◆ **Work required**: For this exercise, retype each line of the material below verbatim and omit any picture.

◆ **Listed records**:
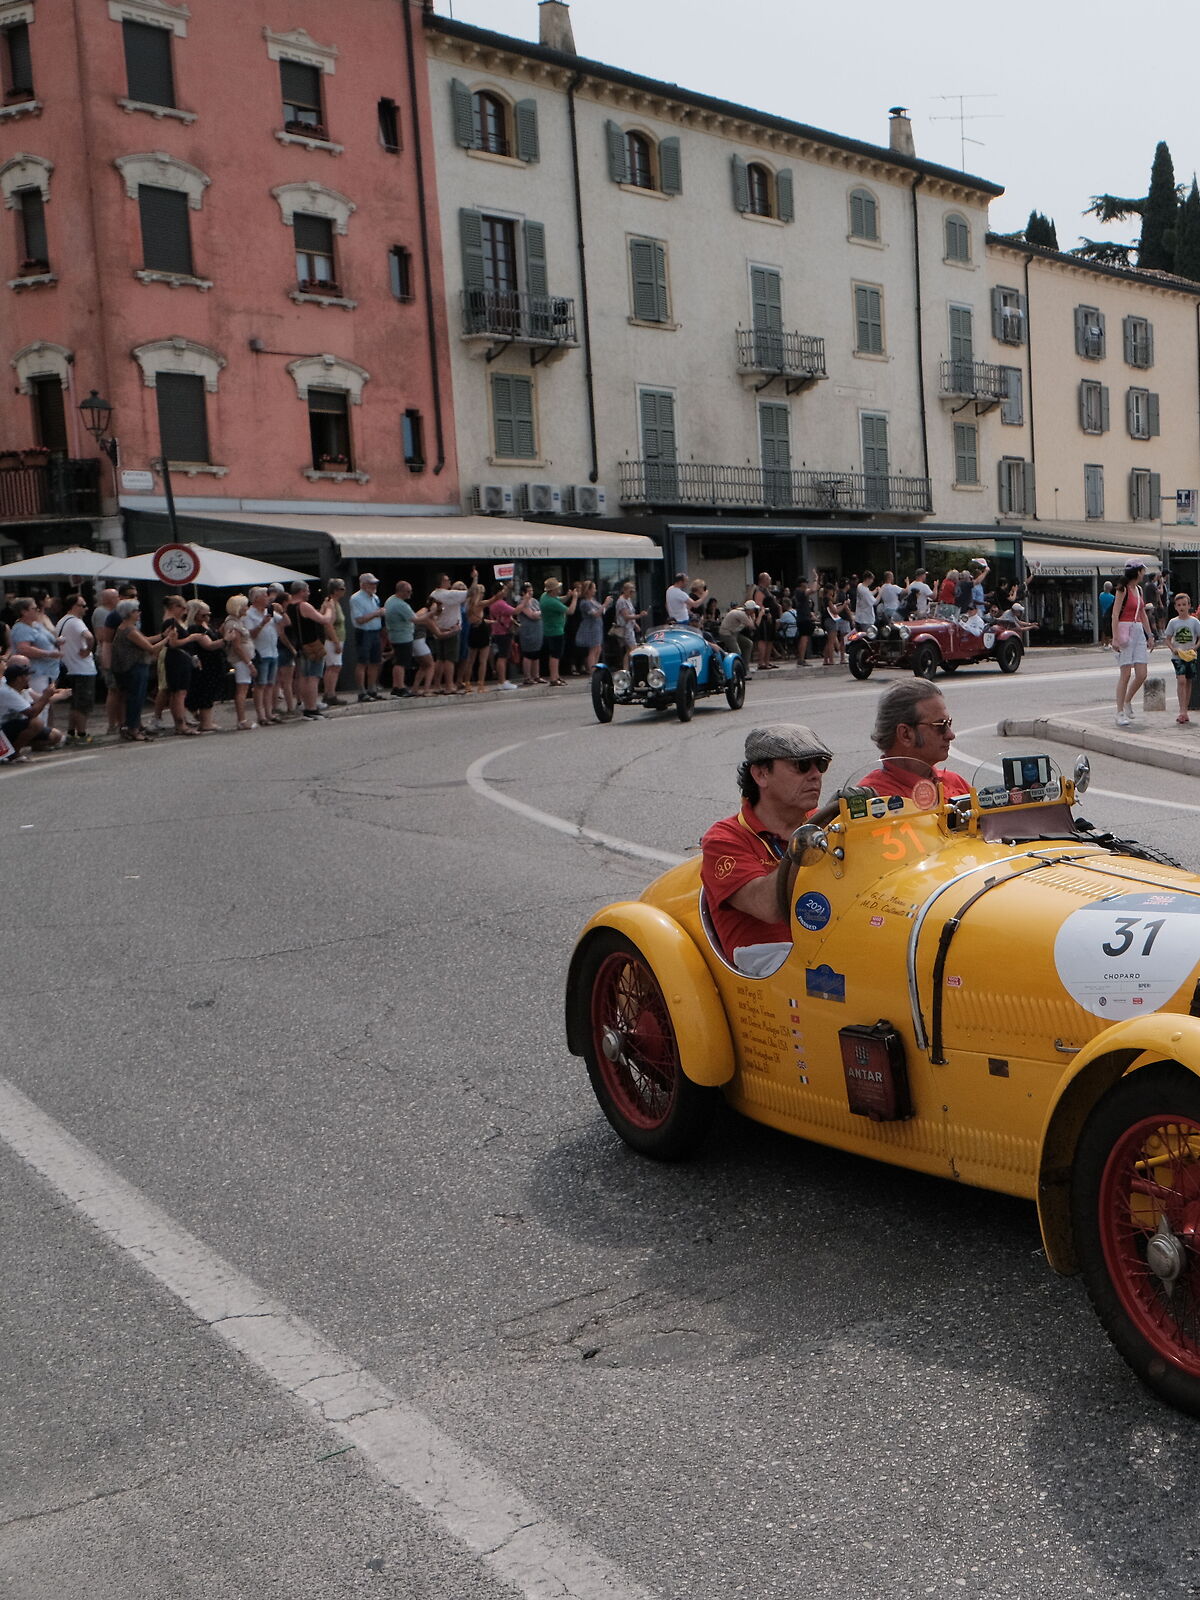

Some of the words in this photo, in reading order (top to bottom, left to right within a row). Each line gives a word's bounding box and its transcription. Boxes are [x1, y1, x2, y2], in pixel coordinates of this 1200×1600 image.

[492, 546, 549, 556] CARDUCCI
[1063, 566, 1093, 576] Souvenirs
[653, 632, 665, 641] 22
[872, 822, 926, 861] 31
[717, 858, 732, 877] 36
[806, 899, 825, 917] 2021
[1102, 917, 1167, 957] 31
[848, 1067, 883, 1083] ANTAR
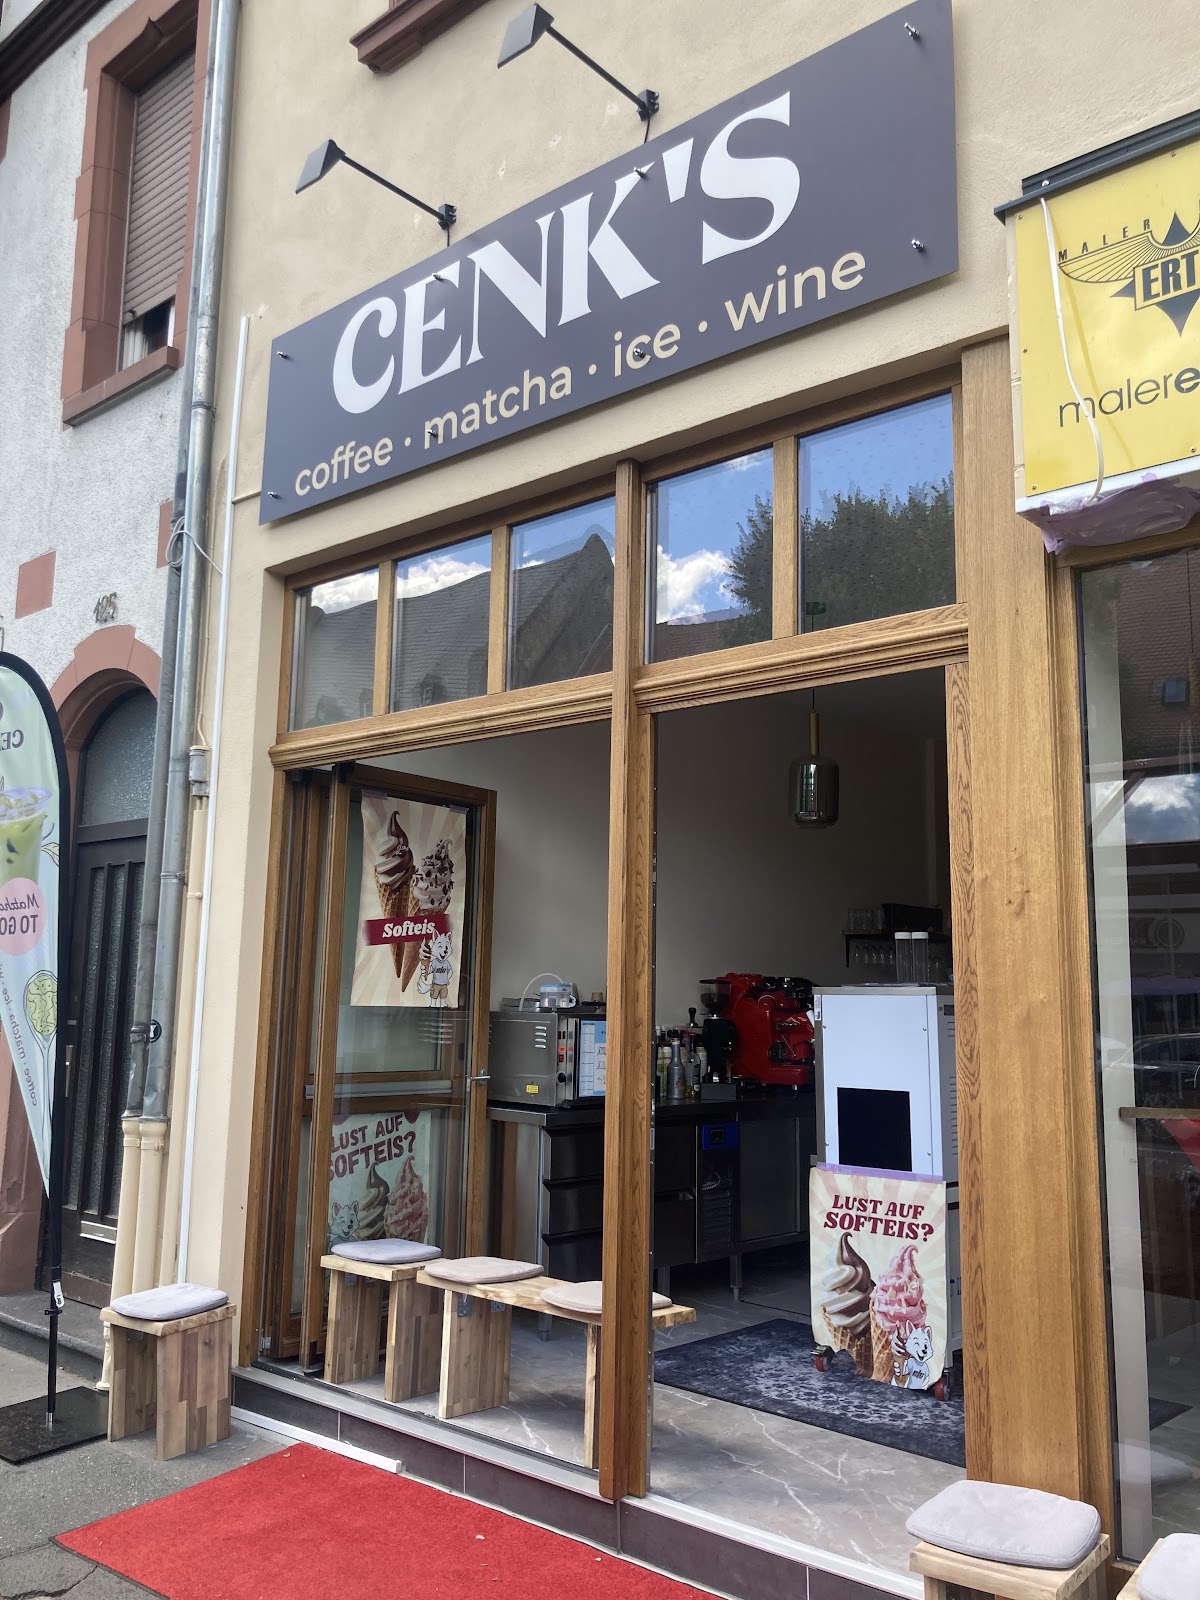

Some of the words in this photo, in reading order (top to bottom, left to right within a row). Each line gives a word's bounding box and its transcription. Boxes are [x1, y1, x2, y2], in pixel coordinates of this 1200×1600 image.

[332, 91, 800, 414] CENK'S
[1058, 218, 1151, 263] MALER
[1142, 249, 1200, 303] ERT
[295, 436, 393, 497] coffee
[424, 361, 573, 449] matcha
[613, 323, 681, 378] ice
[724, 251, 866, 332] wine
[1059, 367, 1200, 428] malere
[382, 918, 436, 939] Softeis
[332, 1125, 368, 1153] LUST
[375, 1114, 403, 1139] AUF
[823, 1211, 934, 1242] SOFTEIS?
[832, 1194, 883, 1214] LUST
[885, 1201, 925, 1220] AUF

◆ **Answer section**:
Some of the words in this photo, in reading order (top to bottom, left to right within a row). Each line gives a word's bounding box and its transcription. Boxes are [x1, y1, x2, y2], in pixel coordinates of this 1200×1600 image.

[492, 546, 549, 556] CARDUCCI
[1063, 566, 1093, 576] Souvenirs
[653, 632, 665, 641] 22
[872, 822, 926, 861] 31
[717, 858, 732, 877] 36
[806, 899, 825, 917] 2021
[1102, 917, 1167, 957] 31
[848, 1067, 883, 1083] ANTAR

Some of the words in this photo, in reading order (top to bottom, left to right within a row). Each line gives a word's bounding box and its transcription. Boxes are [x1, y1, x2, y2], in pixel coordinates of this 1200×1600 image.

[332, 91, 800, 414] CENK'S
[1058, 218, 1151, 263] MALER
[1142, 249, 1200, 303] ERT
[295, 436, 393, 497] coffee
[424, 361, 573, 449] matcha
[613, 323, 681, 378] ice
[724, 251, 866, 332] wine
[1059, 367, 1200, 428] malere
[382, 918, 436, 939] Softeis
[332, 1125, 368, 1153] LUST
[375, 1114, 403, 1139] AUF
[823, 1211, 934, 1242] SOFTEIS?
[832, 1194, 883, 1214] LUST
[885, 1201, 925, 1220] AUF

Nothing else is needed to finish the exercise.